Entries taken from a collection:
——
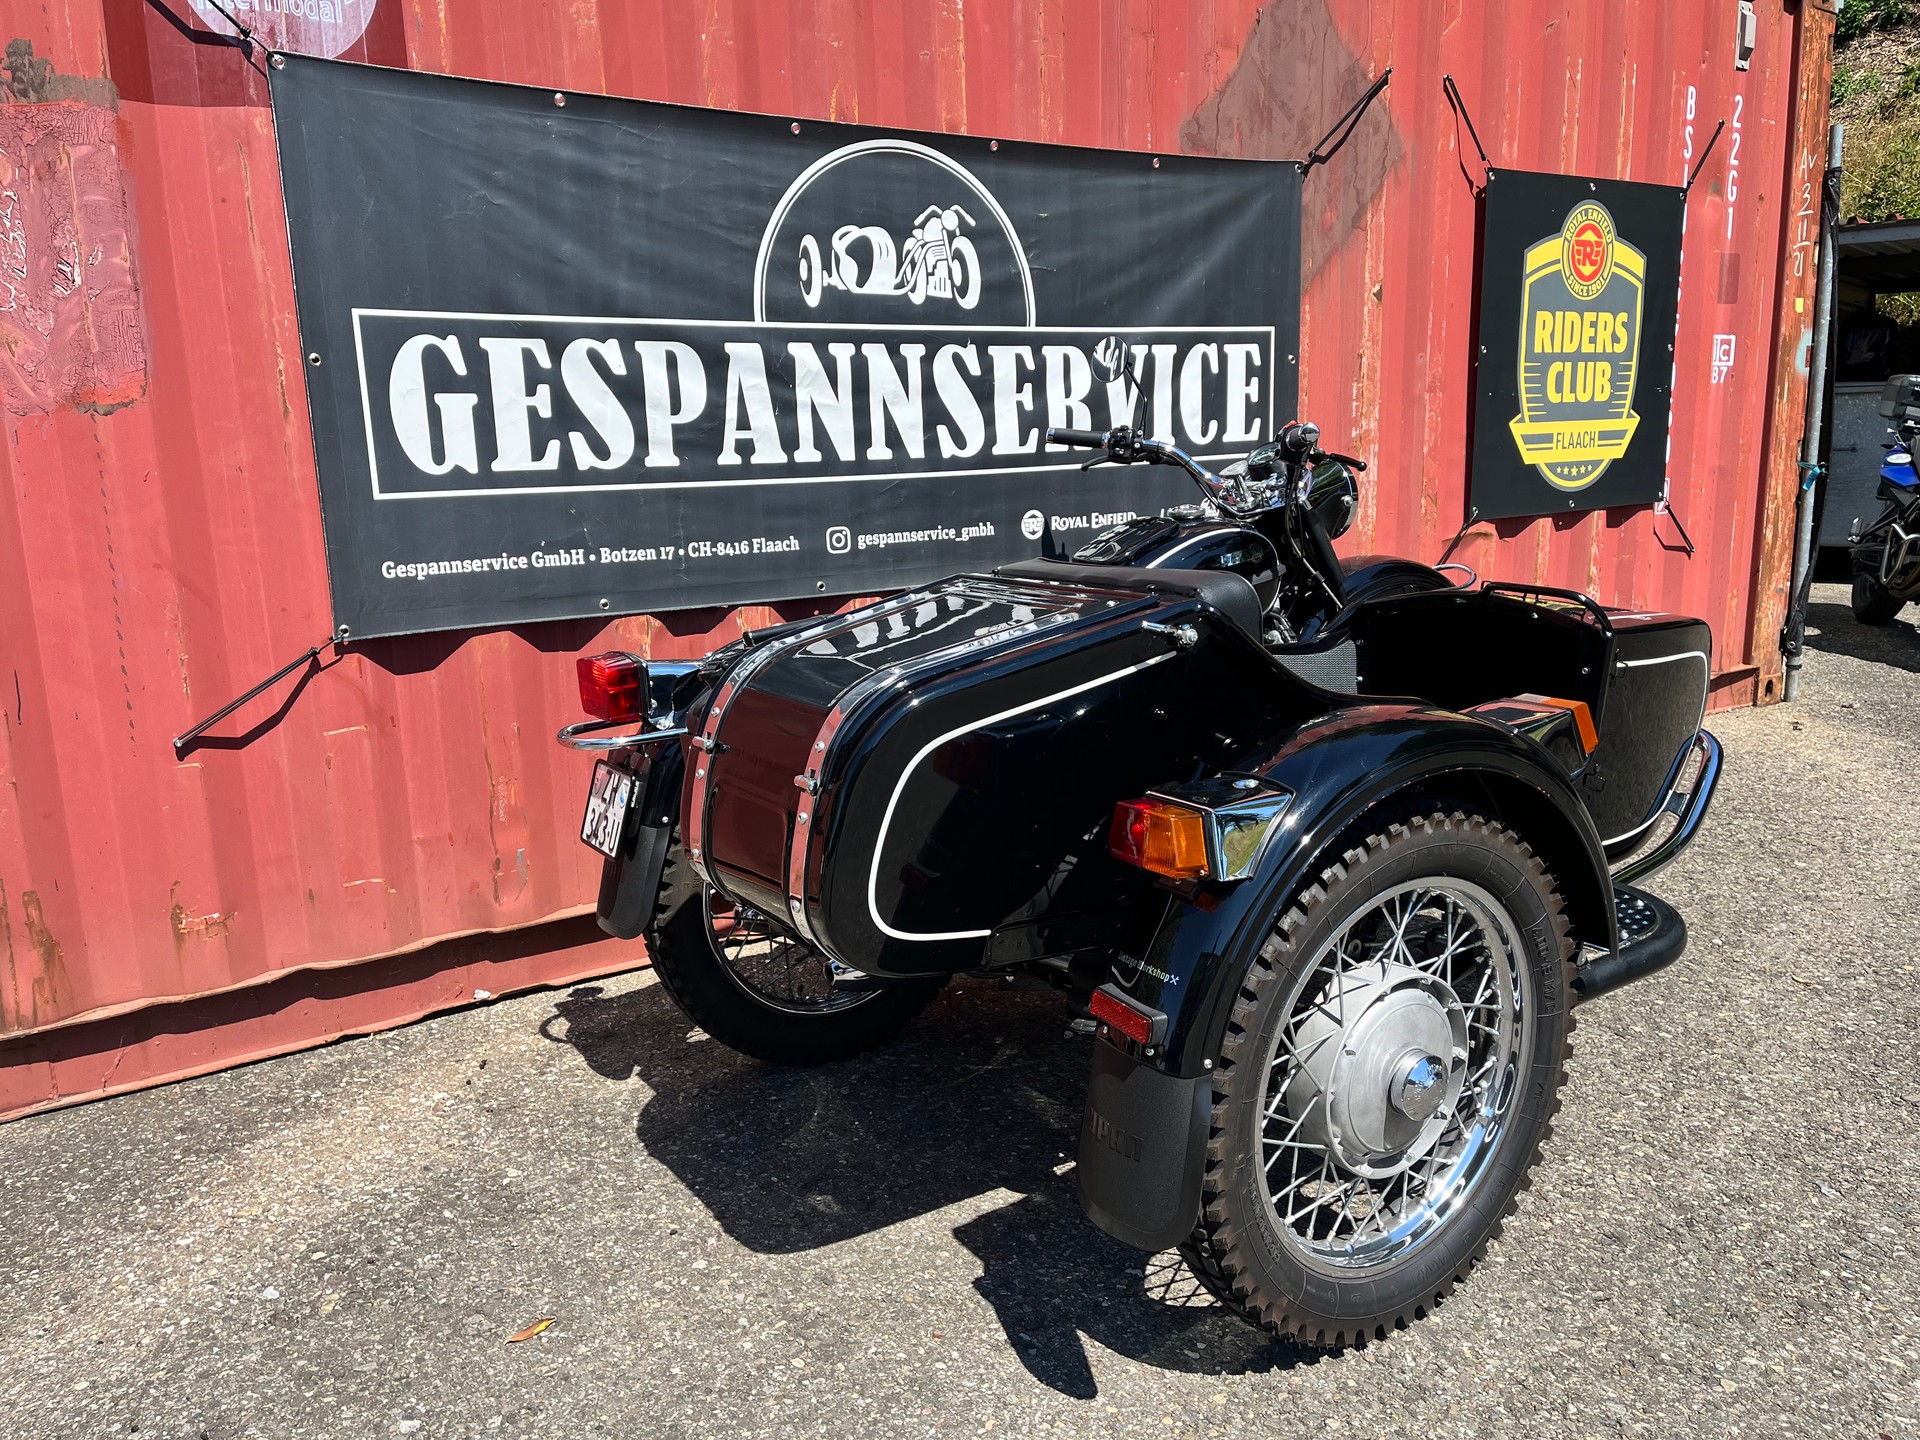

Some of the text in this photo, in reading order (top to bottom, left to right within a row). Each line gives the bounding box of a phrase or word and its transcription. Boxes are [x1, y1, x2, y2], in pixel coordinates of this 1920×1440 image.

[1727, 94, 1743, 239] 22G1
[1565, 209, 1613, 243] ROYAL ENFIELD
[1567, 275, 1606, 297] SINCE 1901
[1534, 310, 1629, 353] RIDERS
[1546, 361, 1613, 404] CLUB
[1712, 366, 1728, 384] 87
[389, 333, 1262, 475] GESPANNSERVICE
[1555, 431, 1597, 450] FLAACH
[857, 521, 995, 549] gespannservice_gmbh
[1051, 511, 1137, 531] ROYAL ENFIELD
[381, 536, 800, 580] Gespannservice GmbH Botzen 17 CH-8416 Flaach
[601, 769, 621, 808] ZH
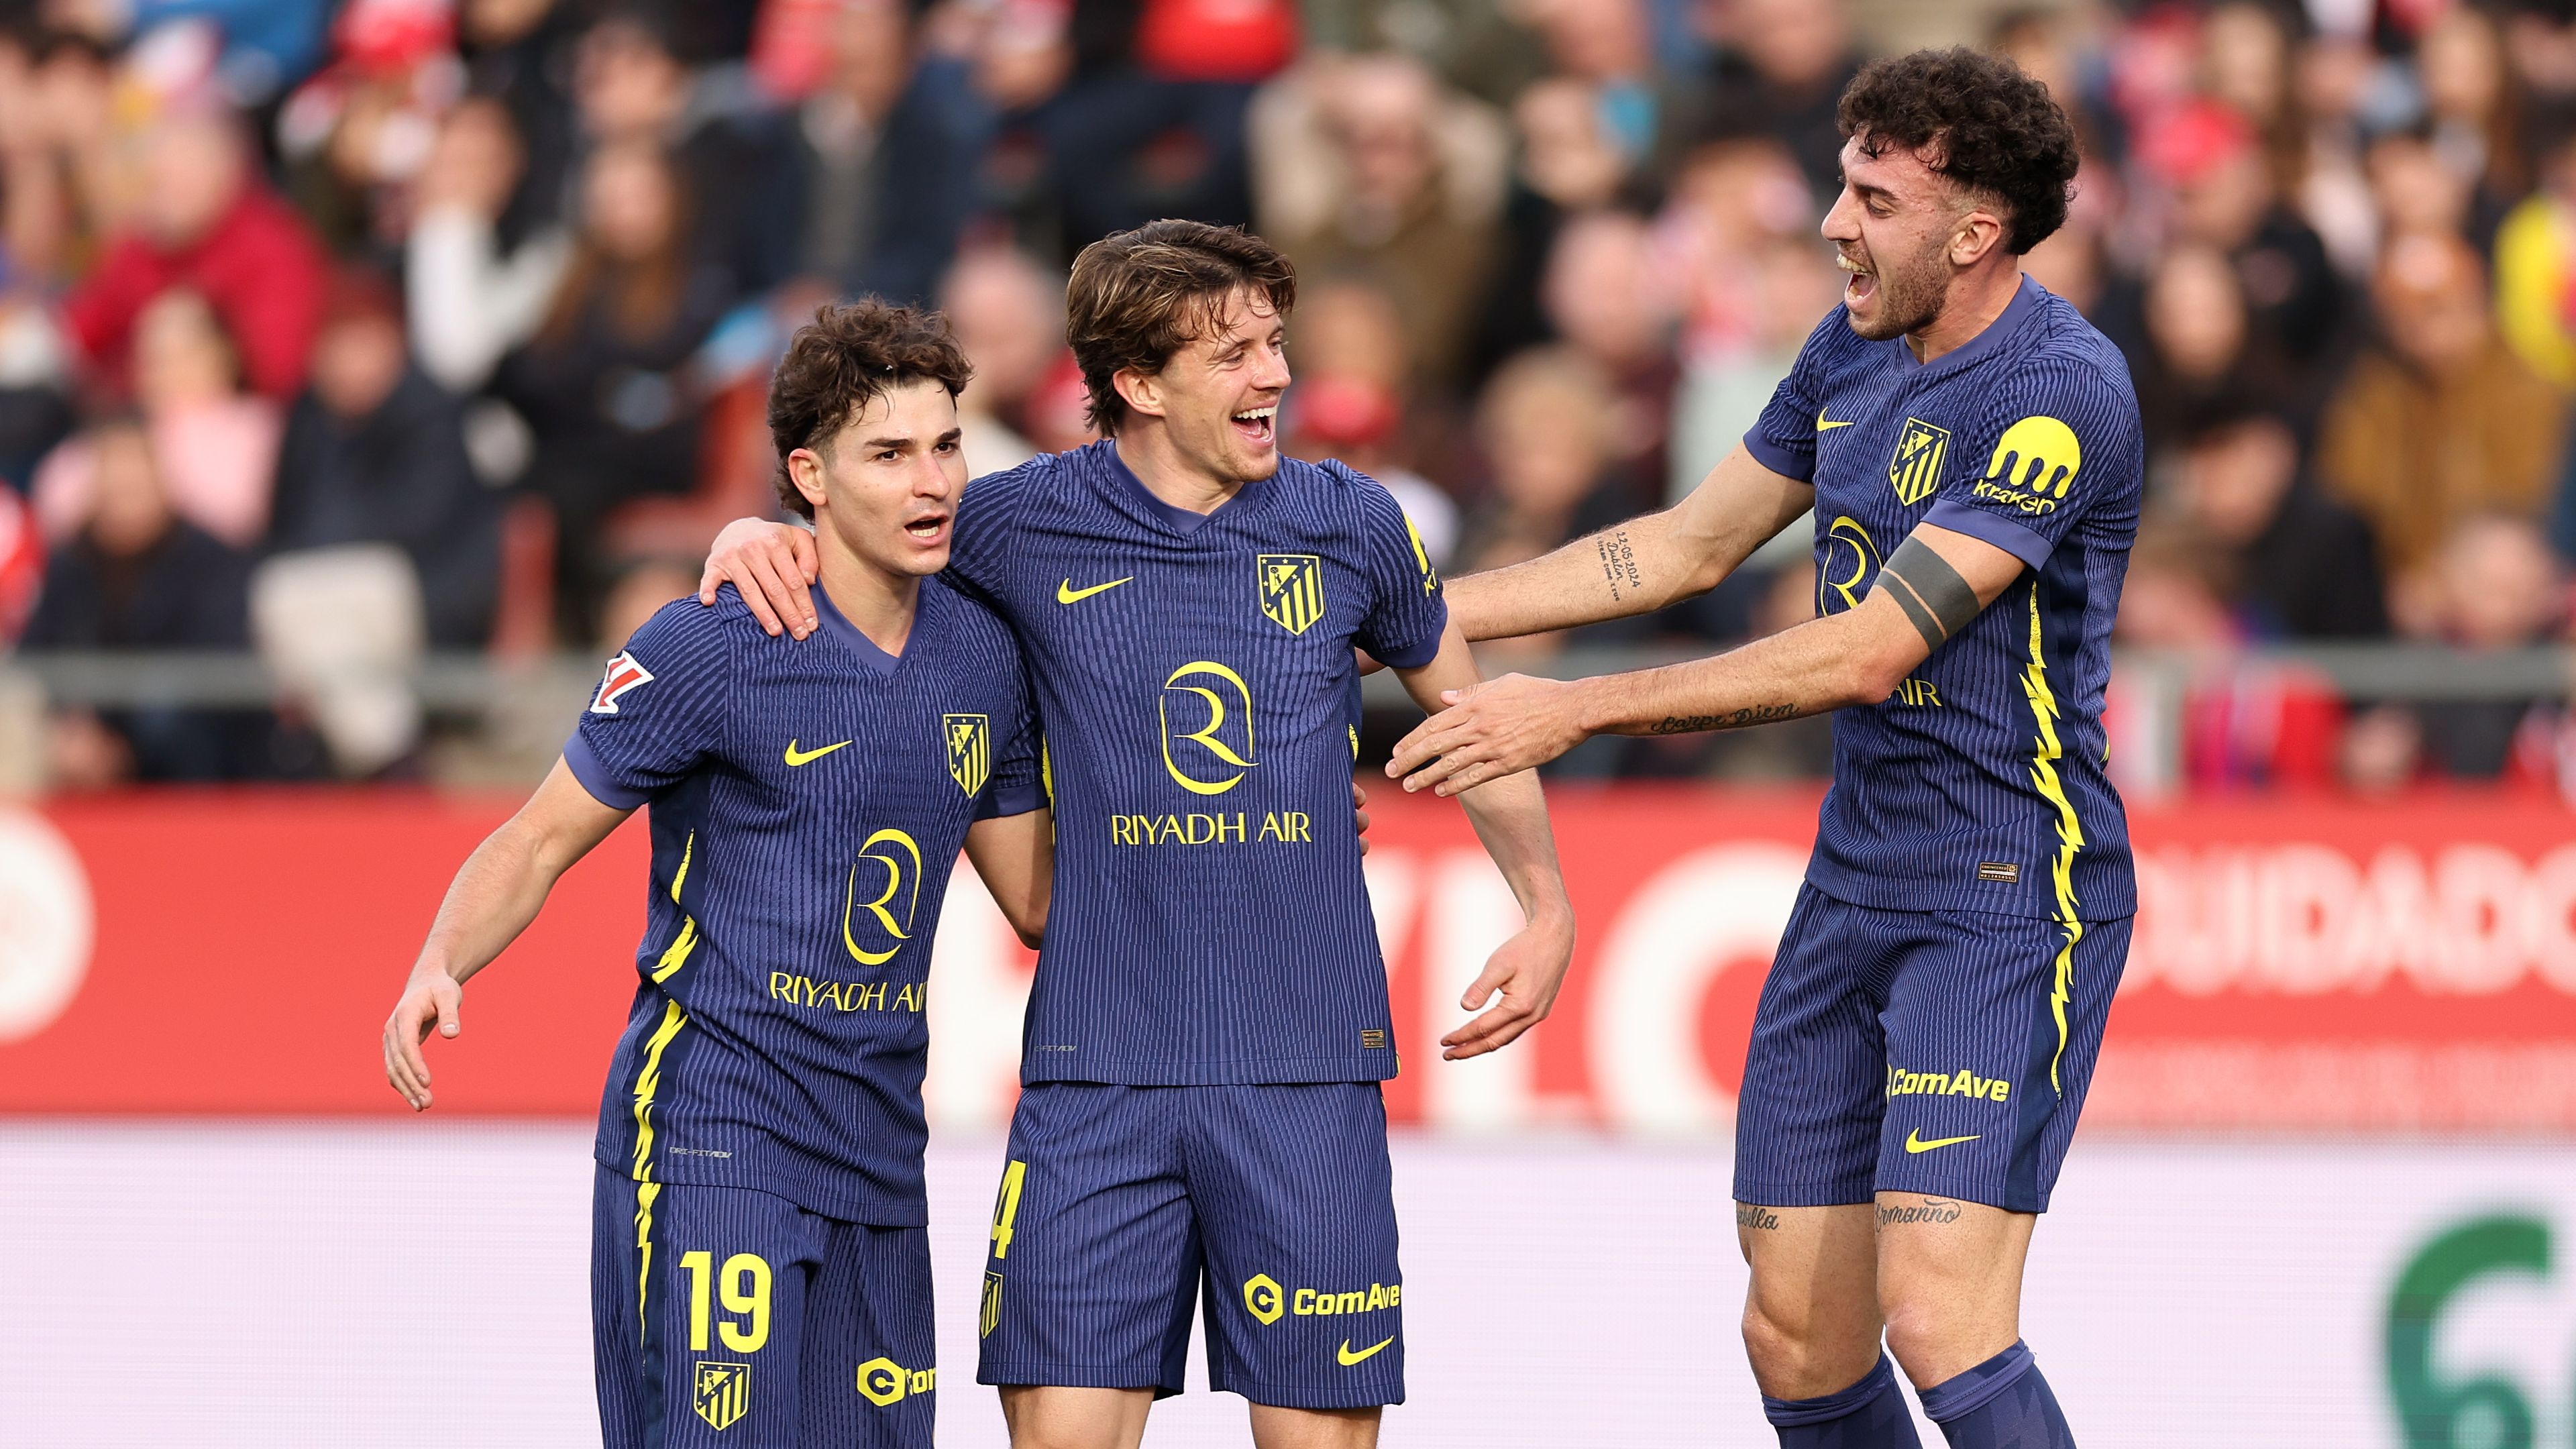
——
Work to be completed
Copy the data above word for word. Pictures stay out.

Result for this task
Some of the text in this photo, in reading order (top to bottom, left to right within a row). Each line gives the bounding box of a phrase or word and its transcription. Boxes are [x1, y1, x2, y2], in pixel coordinates of this 1920×1440 image.

[1727, 94, 1743, 239] 22G1
[1565, 209, 1613, 243] ROYAL ENFIELD
[1567, 275, 1606, 297] SINCE 1901
[1534, 310, 1629, 353] RIDERS
[1546, 361, 1613, 404] CLUB
[1712, 366, 1728, 384] 87
[389, 333, 1262, 475] GESPANNSERVICE
[1555, 431, 1597, 450] FLAACH
[857, 521, 995, 549] gespannservice_gmbh
[1051, 511, 1137, 531] ROYAL ENFIELD
[381, 536, 800, 580] Gespannservice GmbH Botzen 17 CH-8416 Flaach
[601, 769, 621, 808] ZH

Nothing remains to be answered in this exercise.